WORK TASK:
From the line containing "Some of the words" to the end of the entries, return every line exactly, both ends included, and add nothing.

DATA UNDER STUDY: Begin

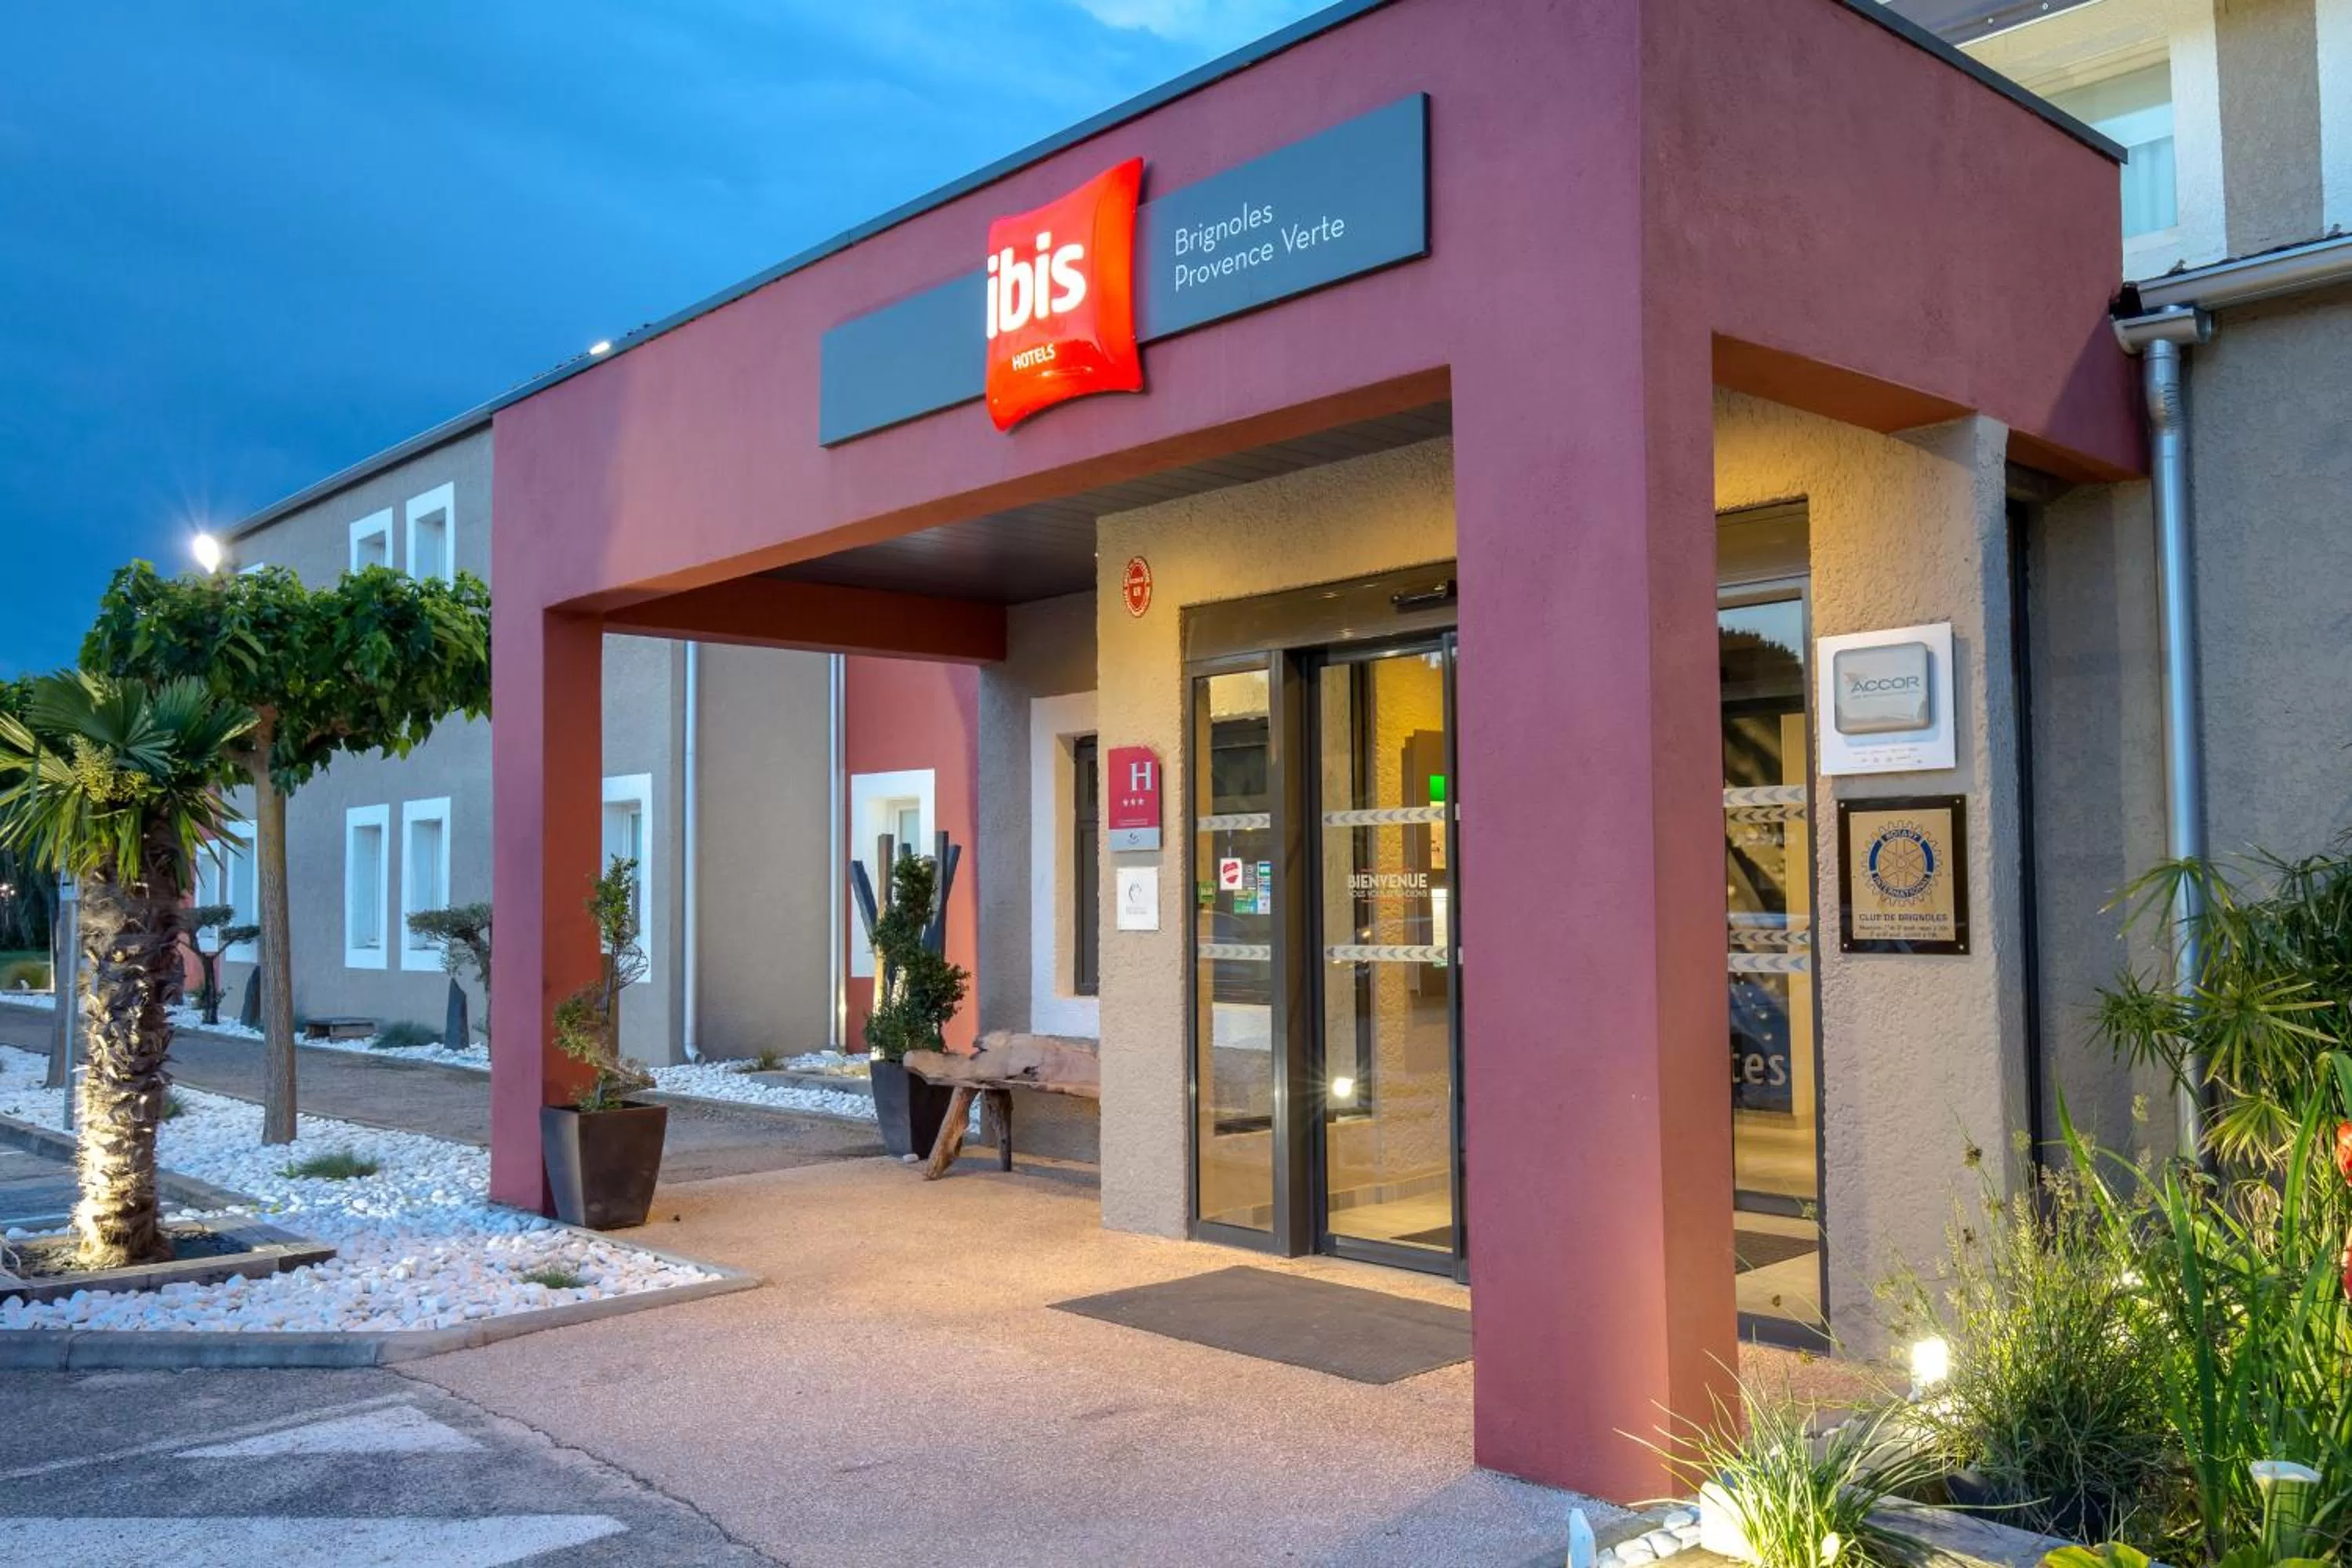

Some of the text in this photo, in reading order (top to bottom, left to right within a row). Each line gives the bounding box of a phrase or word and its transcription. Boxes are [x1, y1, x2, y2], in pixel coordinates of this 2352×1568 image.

[1175, 201, 1273, 256] Brignoles
[1175, 216, 1345, 292] Provence Verte
[986, 231, 1087, 339] ibis
[1012, 343, 1055, 372] HOTELS
[1851, 676, 1920, 693] ACCOR
[1130, 761, 1153, 792] H
[1348, 873, 1428, 888] BIENVENUE
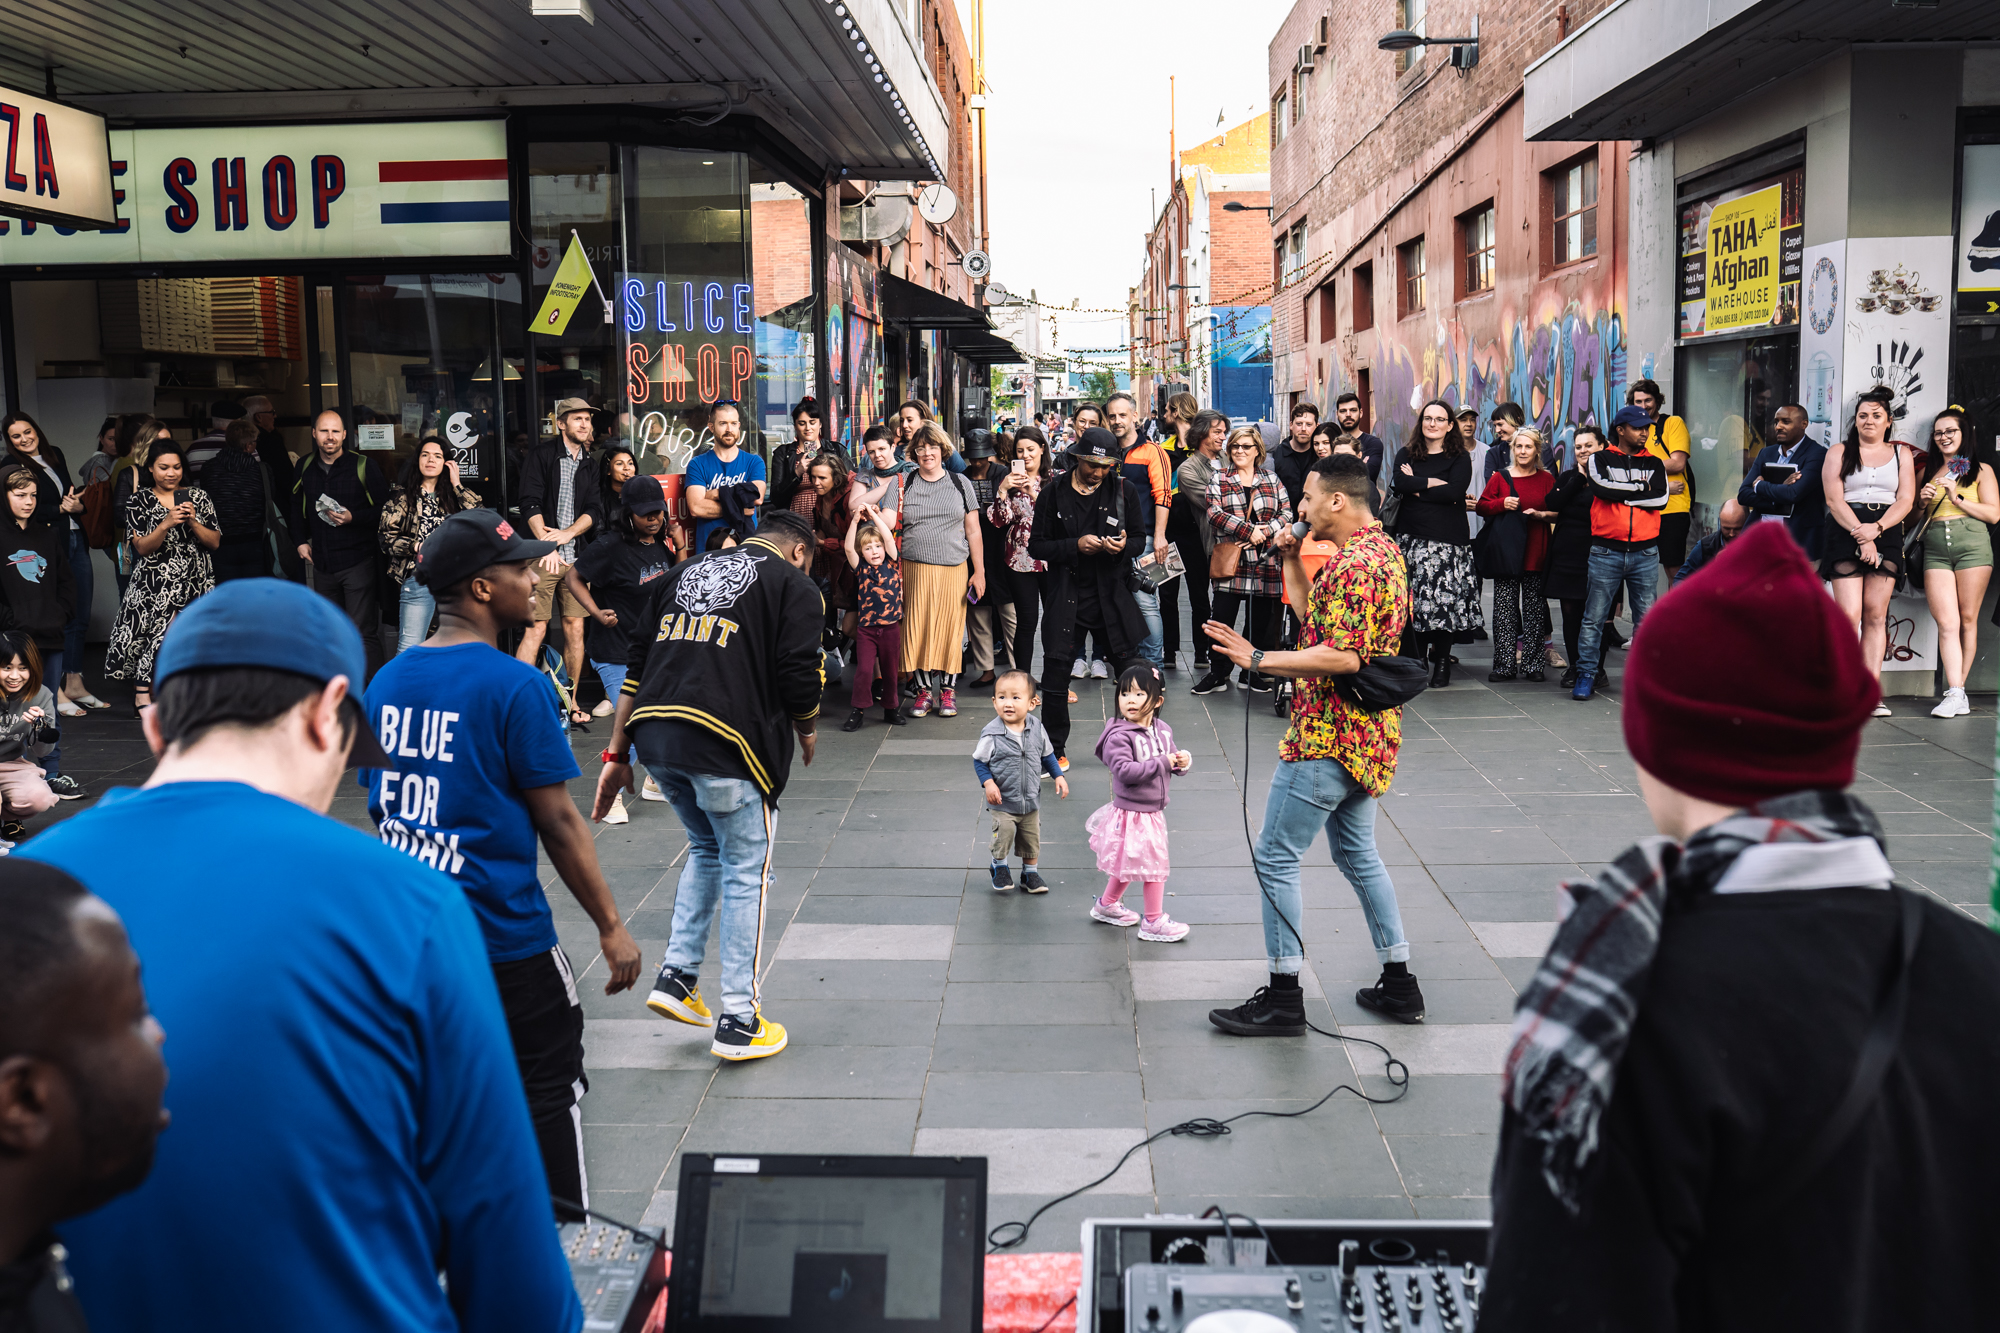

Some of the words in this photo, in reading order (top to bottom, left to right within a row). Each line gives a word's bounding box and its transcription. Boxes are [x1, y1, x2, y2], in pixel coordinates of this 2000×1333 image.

[163, 155, 346, 234] SHOP
[1712, 217, 1758, 257] TAHA
[1711, 255, 1769, 292] Afghan
[1711, 287, 1769, 311] WAREHOUSE
[624, 279, 752, 334] SLICE
[626, 342, 753, 404] SHOP
[656, 613, 739, 648] SAINT
[380, 705, 460, 762] BLUE
[379, 771, 440, 826] FOR

DATA UNDER STUDY: End

FINISHED TASK:
Some of the words in this photo, in reading order (top to bottom, left to right within a row). Each line gives a word's bounding box and its transcription. Boxes are [x1, y1, x2, y2], in pixel coordinates of this 2000×1333 image.

[163, 155, 346, 234] SHOP
[1712, 217, 1758, 257] TAHA
[1711, 255, 1769, 292] Afghan
[1711, 287, 1769, 311] WAREHOUSE
[624, 279, 752, 334] SLICE
[626, 342, 753, 404] SHOP
[656, 613, 739, 648] SAINT
[380, 705, 460, 762] BLUE
[379, 771, 440, 826] FOR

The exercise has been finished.